** Opening DATA SHOWN block **

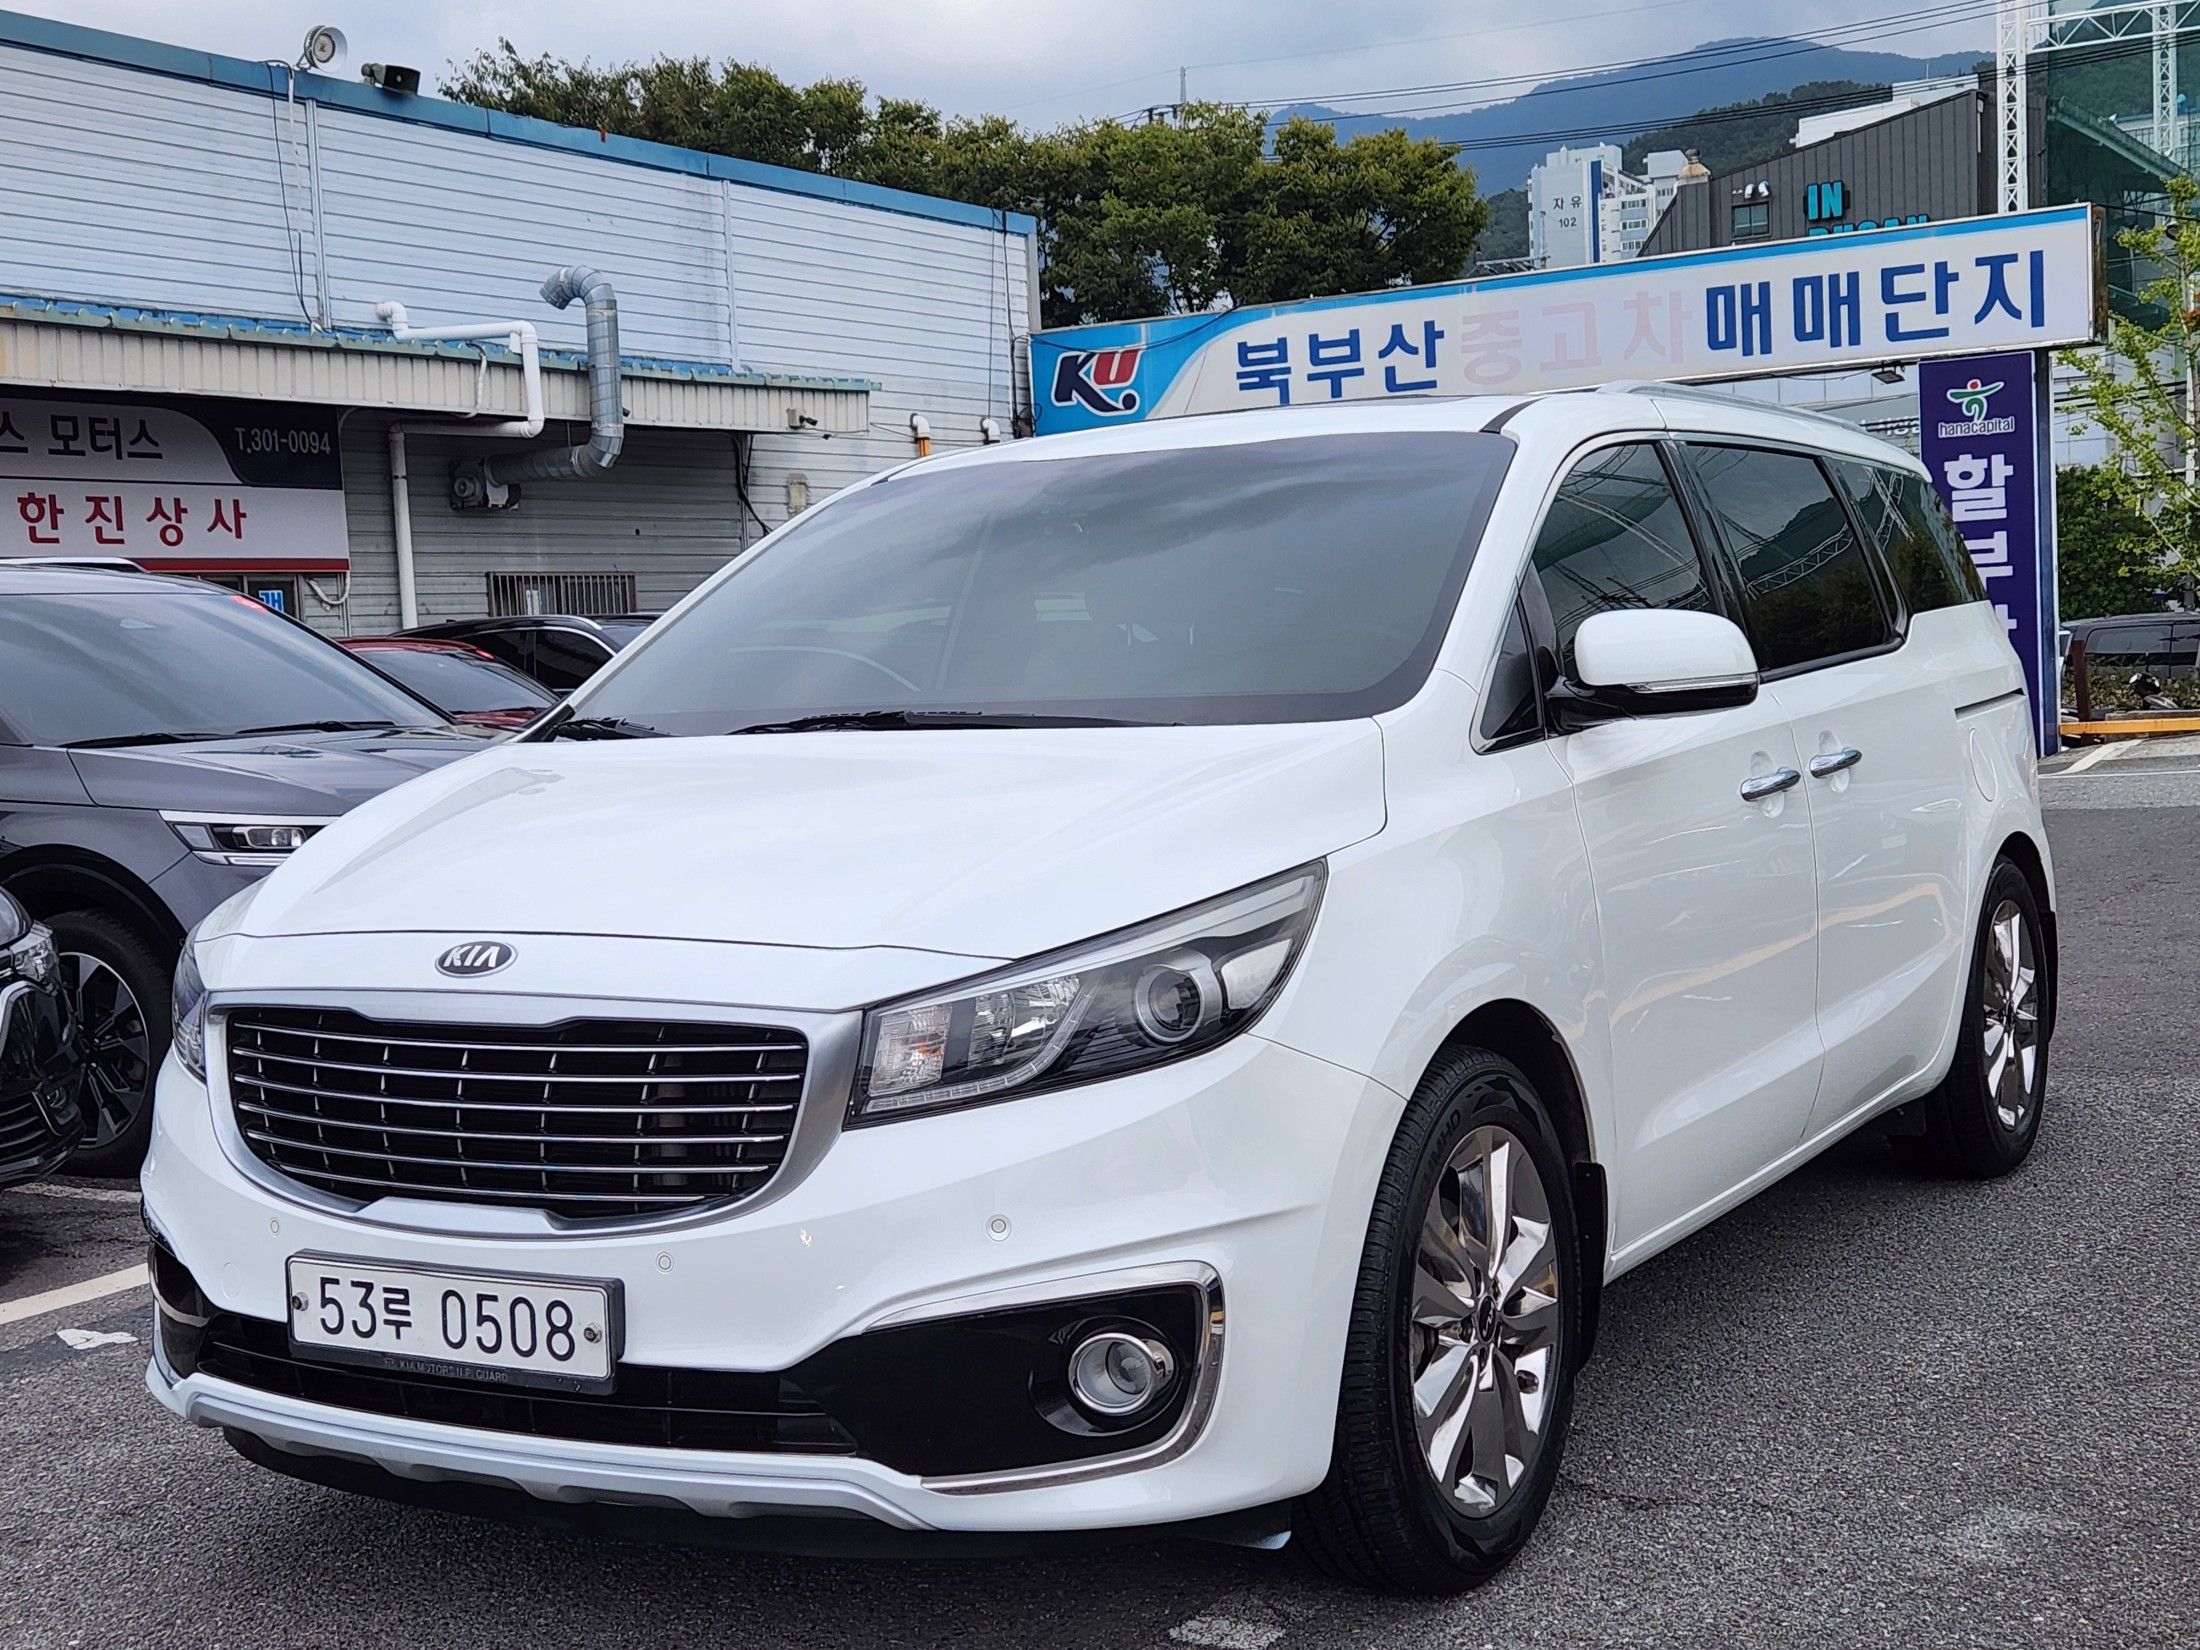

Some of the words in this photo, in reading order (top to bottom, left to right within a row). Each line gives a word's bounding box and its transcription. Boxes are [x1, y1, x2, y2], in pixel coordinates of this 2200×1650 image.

[1558, 216, 1577, 228] 102
[1806, 180, 1845, 222] IN
[1235, 319, 1445, 406] 북부산
[1460, 290, 1694, 386] 중고차
[1705, 249, 2045, 357] 매매단지
[48, 414, 163, 460] 모터스
[234, 427, 331, 455] T.301-0094
[1939, 416, 2015, 437] hanacapital
[16, 491, 247, 547] 한진상사
[443, 945, 501, 968] KIA
[319, 1276, 412, 1341] 53루
[441, 1289, 576, 1362] 0508

** Closing DATA SHOWN block **

Output nothing but the records, word for word, and none of their pictures.

Some of the words in this photo, in reading order (top to bottom, left to right within a row). Each line gives a word's bounding box and its transcription. Boxes are [x1, y1, x2, y2], in pixel coordinates of this 2200×1650 image.

[1558, 216, 1577, 228] 102
[1806, 180, 1845, 222] IN
[1235, 319, 1445, 406] 북부산
[1460, 290, 1694, 386] 중고차
[1705, 249, 2045, 357] 매매단지
[48, 414, 163, 460] 모터스
[234, 427, 331, 455] T.301-0094
[1939, 416, 2015, 437] hanacapital
[16, 491, 247, 547] 한진상사
[443, 945, 501, 968] KIA
[319, 1276, 412, 1341] 53루
[441, 1289, 576, 1362] 0508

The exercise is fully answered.